McGraw took his time. He looked up as a waiter approached. “Another drink, sir?” the waiter said.
“Yes.” It was Patty who answered. “For my father, but not for me.” And when the waiter was gone, “It’s bad?” she said.
“Bullied by my own daughter,” McGraw said. He tried to keep it light, but he wasn’t sure it sounded that way. “I don’t know, honey.
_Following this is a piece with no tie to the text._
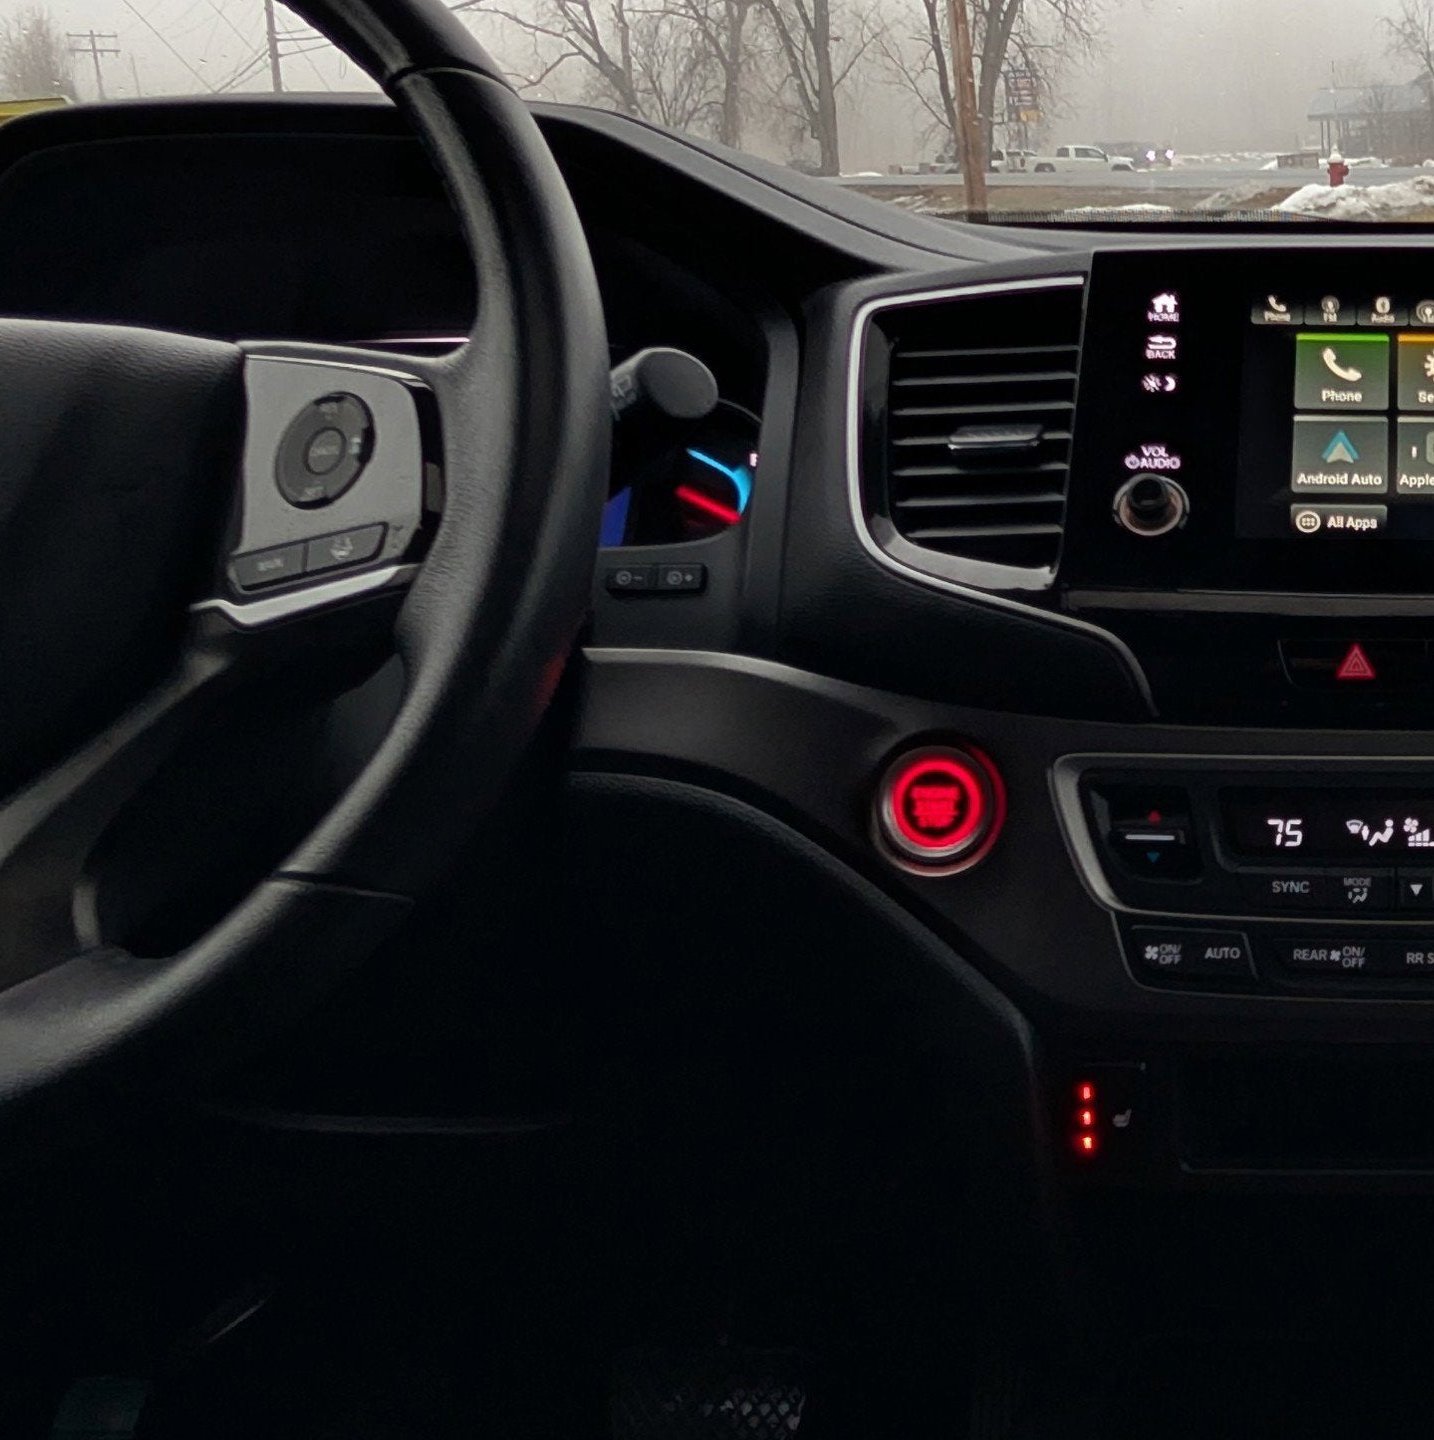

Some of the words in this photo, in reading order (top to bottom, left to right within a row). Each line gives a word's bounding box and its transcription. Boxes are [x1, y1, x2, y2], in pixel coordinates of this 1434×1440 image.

There may be—things to do with the World Tower.
“What kind of things?” And then, contractor’s daughter, subcontractor’s wife, she answered her own question: “Shenanigans? Paul? But how could—” She stopped. She said quietly, “He could, couldn’t he? I’ve heard your tales—kick-backs, false invoices, bills of lading—” The words came easily to her tongue. “Is that it?”
“I don’t know anything for sure, honey. And I’m not going to badmouth a man until I do know.”
The fresh drink arrived. McGraw looked at it, picked it up, and made himself sip it slowly. What he needed, he thought, was not a drink in a glass, but a bottle. And cronies, as in the old simple days. Frank and Jimmy and O’Reilly and McTurk—the names ran through his mind like a litany. Drinking and brawling and laughing together—a long time ago.
“Yes, Daddy.”
Good God, was he talking aloud? He noticed that his hand was unsteady as he set the glass down.
“I’ve heard you talk of them all,” Patty said. “I wish I’d known you then.”
He had himself under control again. “I was pushing forty, honey, when you were born.”
“I know.”
“Mary, bless her, only a year younger.”